Computer-assisted image analysis

After H&E staining or histochemical or immunohistochemical staining of sections from six mice of each genotype, images of fields were photographed with a Sony digital camera. Images of micrographs from single sections were digitally recorded using a rectangular template, and recordings were processed and analyzed using Northern Eclipse image analysis software as previously described. (12, 14, 17, 21)

Statistical analysis

Data from image analysis are presented as means ± SE. Statistical comparisons were made using a two-way ANOVA, with p < 0.05 being considered significant.

RESULTS

Effect of exogenous PTHrP and PTH on serum calcium and phosphorus, urine calcium, and calcium content of long bones

To determine whether exogenous PTHrP and PTH improved serum mineral ion levels in double KO mice, serum calcium and phosphorus and urine calcium/creatinine ratio were examined. The normal values of mouse serum calcium and phosphorus are 1.82-2.85 and 1.72-3.64 mM, respectively. Serum calcium levels rose from 48% of those of wildtype mice in vehicle-treated double KO mice to 70% and 76% of those of wildtype mice in PTHrP- and PTH-treated double KO mice, respectively, at 2 weeks of age (Fig. 1A). In contrast, serum calcium levels did not rise significantly in either PTHrP- or PTH-treated wildtype mice compared with the vehicle-treated mice (Fig. 1A). At 1 month of age, all vehicle-treated mice had died, but serum calcium was still 70% of wildtype mice in PTHrP-treated animals (Fig. 1A). The vehicle-treated double KO mice were hyperphosphatemic; however, serum phosphorus had decreased to normal levels in PTHrP- and PTH-treated double KO mice at 2 weeks of age, and these levels were maintained at 1 month of age in PTHrP-treated animals (Fig. 1B). Serum phosphorus levels were not altered in either PTHrP- or PTH-treated wildtype mice (Fig. 1B). The urine calcium/creatinine ratio was significantly elevated in vehicle-treated double KO mice compared with vehicle-treated wildtype mice. Urine calcium/creatinine ratio was significantly reduced in both PTHrP- and PTH-treated double KO mice relative to vehicle-treated double KO mice but was not normalized (Fig. 1C). No alteration of the urine calcium/creatinine ratio was observed in PTHrP- and PTH-treated wildtype mice (Fig. 1C).

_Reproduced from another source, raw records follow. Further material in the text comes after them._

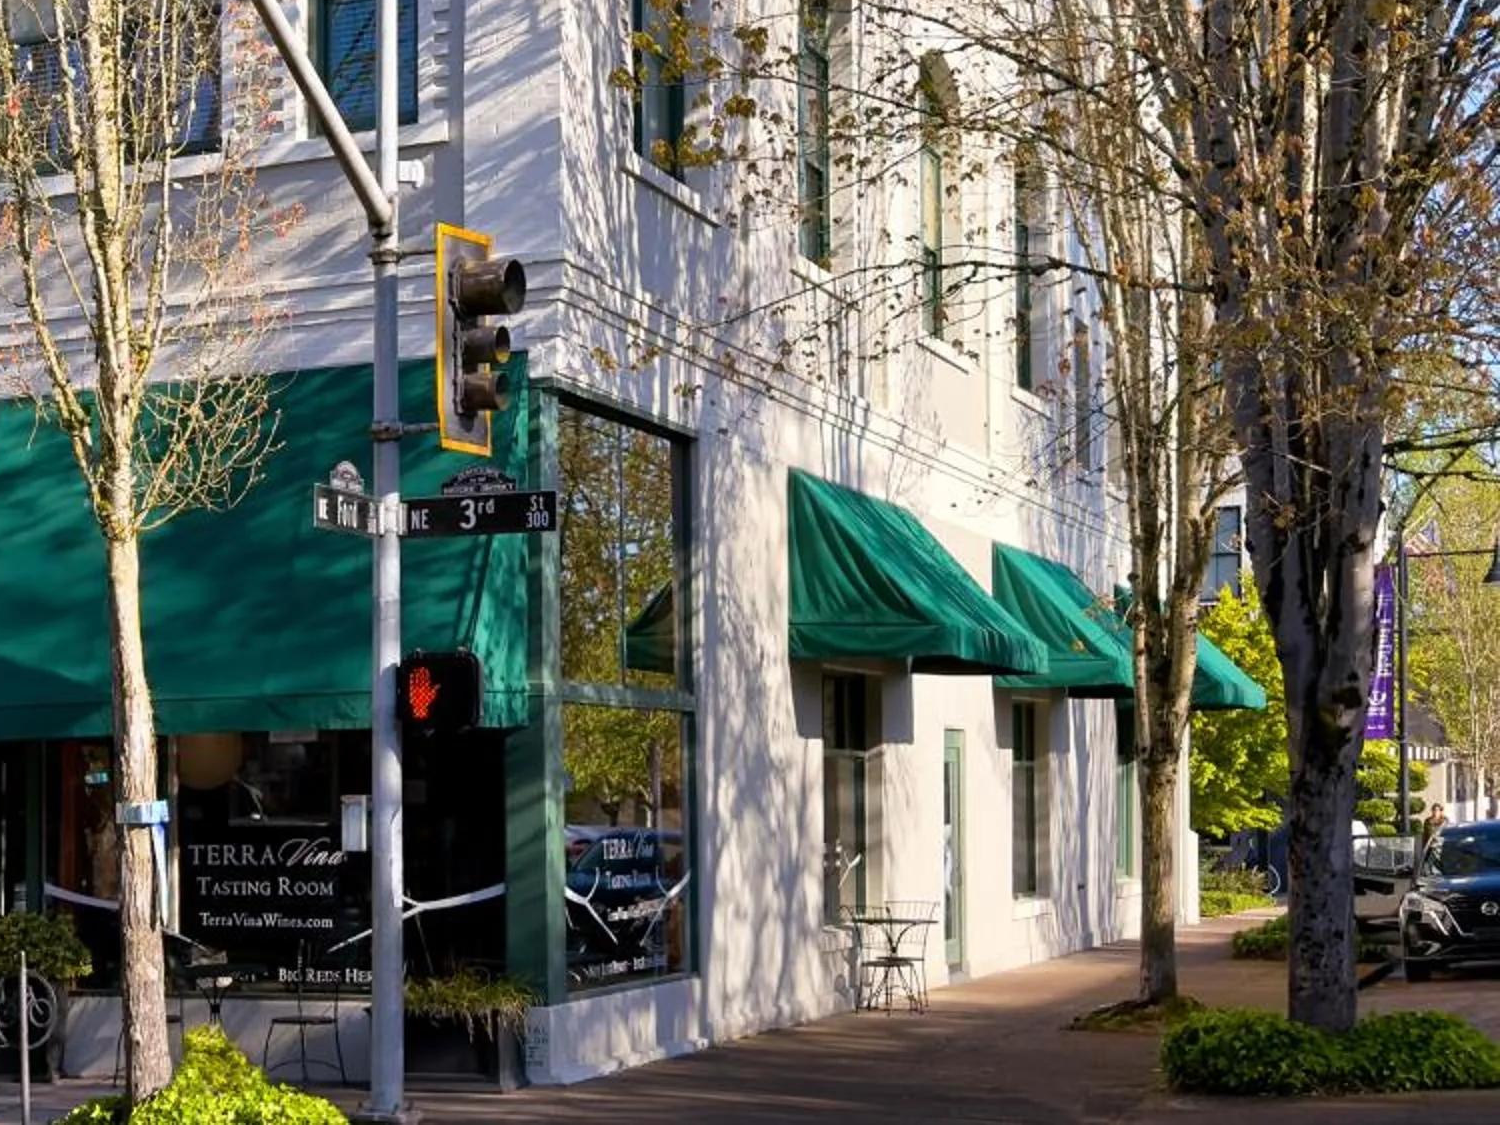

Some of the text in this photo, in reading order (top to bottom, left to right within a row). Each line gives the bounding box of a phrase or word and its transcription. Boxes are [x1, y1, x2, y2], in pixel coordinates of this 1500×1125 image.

[411, 495, 545, 530] NE 3rd St
[525, 512, 549, 528] 300
[188, 837, 346, 867] TERRA Vina
[196, 876, 334, 896] TASTING ROOM
[198, 912, 334, 928] TerraVinaWines.com
[279, 968, 300, 983] BIG
[305, 968, 341, 983] REDS

To determine whether the skeletal calcium content was altered in the double mutant animals and whether PTHrP and PTH administration changed skeletal calcium content, we measured the calcium content of humeri by atomic absorption analysis. The results revealed that the calcium content of humeri was decreased significantly in the double mutant animals and rose to normal levels after PTHrP and PTH administration (Fig. 1D). Only a slight, nonsignificant increase of the calcium content of humeri was found in the PTHrP- and PTH-treated wildtype mice (Fig. 1D).

Figure FIG. 1..

Biochemistry of serum, urine, and bone tissues. (A) Serum calcium and (B) phosphorus, (C) urine calcium/creatinine ratio, and (D) calcium content of humeri were determined in vehicle-treated wildtype (WT), PTHrP-treated wildtype (WT+PTHrP), PTH-treated wildtype (WT+PTH), vehicle-treated PTH−/−1α(OH)ase−/− mice (DKO), PTHrP-treated PTH−/− 1α(OH)ase−/− mice (DKO+PTHrP), and PTH-treated PTH−/− 1α(OH)ase−/− mice (DKO+PTH). The upper and lower levels of serum calcium are denoted by the upper and lower dotted lines, respectively, in A. Each value is the mean ± SE of determinations in six mice of each group. *p < 0.05; **p < 0.01; ***p < 0.001 compared with vehicle-treated wildtype mice. ###p < 0.001 compared with vehicle-treated DKO mice.20

Effect of exogenous PTHrP on endogenous PTHrP expression and on renal calcium transporters in vivo

To examine expression of endogenous PTHrP in kidney, PTHrP was examined by RT-PCR and Western blot. Both mRNA and protein levels of renal endogenous PTHrP were increased in the vehicle-treated double KO mice compared with wildtype but were decreased in PTHrP-treated double KO mice at 2 weeks of age compared with their vehicle-treated wildtype littermates (Figs. 2A and 2B).

Figure FIG. 2..

Effect of exogenous PTHrP on endogenous PTHrP expression and on calcium transporters in vivo. (A) A specific PTHrP product was amplified from kidney RNA by RT-PCR. The GAPDH mRNA was amplified as a loading control. (B) Expression of kidney PTHrP protein was determined by Western blot with β-tubulin as loading control. Comparison of TRPV5, calbindin-D28K (CB28K), calbindin-D9K (CB9K), and NCX1 in kidney of vehicle-treated wildtype (WT), vehicle-treated PTH−/−1α(OH)ase−/− mice (DKO), and PTHrP-treated PTH−/−1α(OH)ase−/− mice (DKO+PTHrP). (C) Western blots (WB) of renal extracts for expression of TRPV5, CB28K, CB9K, and NCX1. β-tubulin was used as loading control for Western blots. (D) Specific TRPV5, CB28K, CB9K, and NCX1 products were amplified from the renal RNA by real-time RT-PCR. The GAPDH mRNA was used as control. mRNA expression assessed by real-time RT-PCR analysis is calculated as a ratio to the GAPDH mRNA level and expressed relative to levels of wildtype mice. *p < 0.05 compared with vehicle-treated wildtype mice. #p < 0.05 compared with vehicle-treated DKO mice.20

To determine whether the raised serum calcium levels induced by exogenous PTHrP and PTH were contributed to by increased renal reabsorption of calcium, we examined the mRNA and protein expression levels of the renal calcium transporters, TRPV5, calbindin-D28K, calbindin-D9K, and NCX1 by real time RT-PCR and Western blot. The results revealed that the mRNA and protein levels of these genes were downregulated in the kidney of double KO mice relative to wildtype but were upregulated by PTHrP administration (Figs. 2C and 2D). A similar upregulation of the renal calcium transporters by PTH administration was observed (data not shown).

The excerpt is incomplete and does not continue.